Matéria publicada em 22 de setembro de 2019, 09:03 horas

 


Rio- O chefe do Estado-Maior do Exército, general Walter Braga Netto, disse que não deverá faltar verbas para a instituição no próximo ano, apesar dos esforços fiscais do governo para equilibrar o Orçamento 2020. Braga Netto foi homenageado, na noite desta quinta-feira (19), como Personalidade do Ano na Área de Segurança Pública, com o 2º Prêmio General Joaquim de Souza Mursa.

O prêmio foi uma iniciativa do Sindicato Nacional das Indústrias de Materiais de Defesa (Simde). Após o término do evento, Braga Netto conversou com os repórteres. Perguntado sobre como avaliava a participação do Exército no esforço de equilíbrio fiscal e orçamentário, o general demonstrou confiança de que a Força não será afetada com falta de verbas.

“Tenho certeza que o governo vai se sensibilizar. O Exército está sendo empregado em todas as atividades que ocorrem no país atualmente, incluindo as queimadas. No ano que vem, nós vamos ter que distribuir urnas no interior da Amazônia, nos lugares remotos. O governo tem plena consciência disso e nós seremos atendidos. Cabe ao governo decidir”, disse Braga Netto.
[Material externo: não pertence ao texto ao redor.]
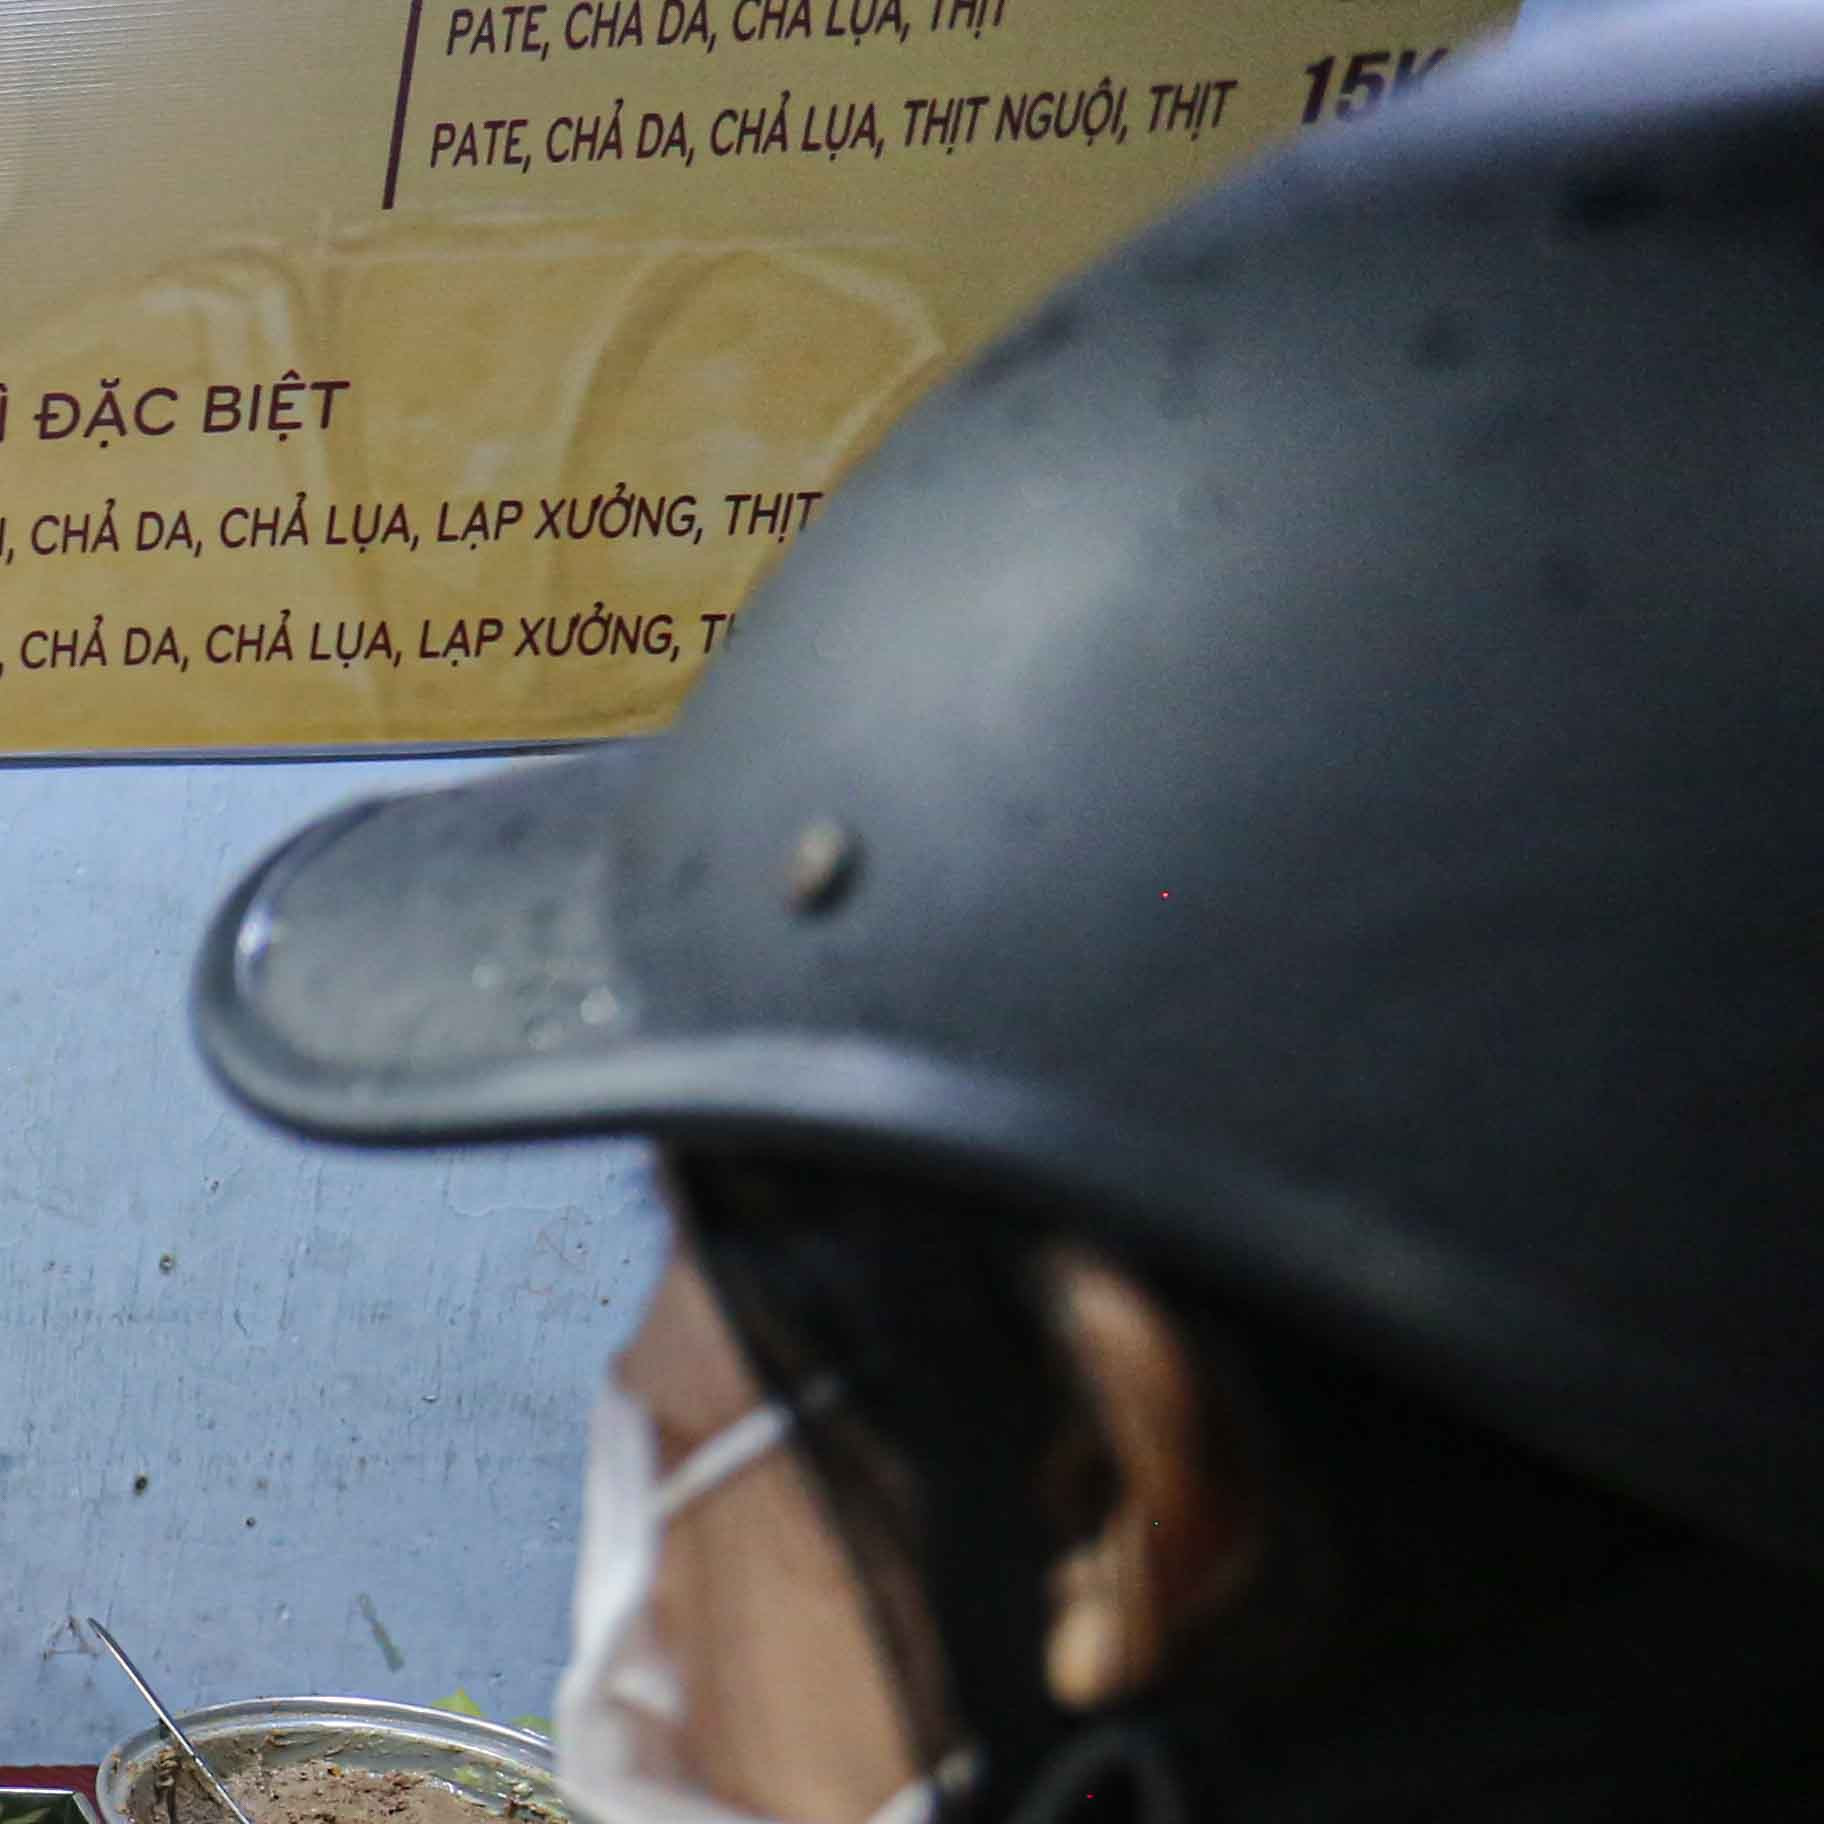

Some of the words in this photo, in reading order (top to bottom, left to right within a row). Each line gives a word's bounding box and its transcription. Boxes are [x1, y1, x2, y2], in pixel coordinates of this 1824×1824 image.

[446, 4, 550, 62] PATE,
[656, 0, 717, 54] DA,
[430, 119, 531, 174] PATE,
[546, 97, 625, 163] CHẢ
[635, 111, 695, 168] DA,
[710, 89, 791, 157] CHẢ
[801, 102, 885, 161] LỤA,
[903, 95, 991, 155] THỊT
[994, 75, 1128, 147] NGUỘI,
[1148, 79, 1239, 142] THỊT
[33, 377, 179, 449] ĐẶC
[202, 369, 351, 442] BIỆT
[31, 497, 120, 556] CHẢ
[135, 510, 203, 558] DA,
[220, 491, 309, 549] CHẢ
[325, 503, 419, 554] LỤA,
[436, 500, 524, 551] LẠP
[533, 481, 703, 545] XƯỞNG,
[724, 491, 825, 544] THỊT
[20, 613, 108, 670] CHẢ
[123, 626, 189, 673] DA,
[205, 608, 294, 664] CHẢ
[309, 620, 402, 669] LỤA,
[419, 617, 504, 667] LẠP
[513, 601, 680, 663] XƯỞNG,
Durante a entrega do prêmio, que teve a presença do governador do Rio, Wilson Witzel, o general foi lembrado como a principal liderança do processo de intervenção na segurança pública do estado, de fevereiro a dezembro do ano passado. O processo cuidou de reestruturar as polícias Civil e Militar e também o sistema penitenciário, investindo cerca de R$ 1,2 bilhão em viaturas, armamentos, equipamentos e aeronaves.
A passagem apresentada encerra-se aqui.